Too bad. As Eric Olsen writes in The Encyclopedia of Record Producers, Dixon is "one of the pioneers of the organic, guitar-based side of '80s new wave." Initially, Dixon played in Arrogance, an obscure band that recorded a handful of records before dissolving in 1980. He then turned his attention to producing.
One day, friend Mitch Easter asked him over to the Drive In, the studio he had created in his parents' garage. He was working on an EP by a band from Athens, Georgia, and needed some help mixing it. That band was R.E.M. Though Dixon doesn't know whether any of his mixes made it onto the resulting "Chronic Town" EP, he was enlisted to help the band once again on Murmur, its full-length debut. That album stands as one of the best of the '80s.

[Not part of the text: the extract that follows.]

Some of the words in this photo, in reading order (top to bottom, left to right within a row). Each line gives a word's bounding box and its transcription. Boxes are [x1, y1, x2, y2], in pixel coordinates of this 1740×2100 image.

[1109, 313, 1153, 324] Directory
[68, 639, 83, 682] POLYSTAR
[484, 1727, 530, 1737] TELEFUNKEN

"We worked hard and made a very good record," says Dixon, in his slight Southern drawl. "[Murmur] was a hard record to make. If we took everything they were doing on the surface and just made a document, it wouldn't have been as interesting. People talk about not being able to hear the vocals and all this stuff. It's not that you can't hear the vocals; it's just that you can't understand what [singer Michael Stipe] is saying, because he's saying shit like 'two-headed calf.' The sound of what was going on is important."
For Dixon, the '90s represent an era of missed opportunities. He was close to working on Nirvana's Nevermind ("the most excited I'd been about an album in a long time") and even met with the band for some early sessions in Seattle. But the group chose producer Butch Vig instead. "They got their way and decided they didn't need another asshole in the studio." He also unsuccessfully tried to get Hootie and the Blowfish signed to a major label. When the group finally did sign, Dixon didn't get to produce its major label debut, 1994's Cracked Rear View, which, like Nevermind, went multi-platinum.
While Dixon admits that it might seem as if he's "passed on all the good things," he's had his share of successes. His song "I Can Hear the River" was a hit in Germany for Joe Cocker, and he co-wrote the Counting Crows' "Time and Time Again."
Dixon says his health problem hasn't made him rethink his life. He never imagined he'd live long. While his next album, Note Pad #38, a collection of odds and ends, might seem as if Dixon is clearing the vaults while he still can, he says the album was nearly finished before his heart attack.
"I don't feel any more mortal," he says. "Growing up, life always stopped at 25. For me, there was no visualizing myself any older. I guess, at around that age, that's when I started to think that I was going to die. I don't have a preoccupation with it or anything, but I've been aware of it for a long time. It's a fun thing to think about, rather than a morbid thing."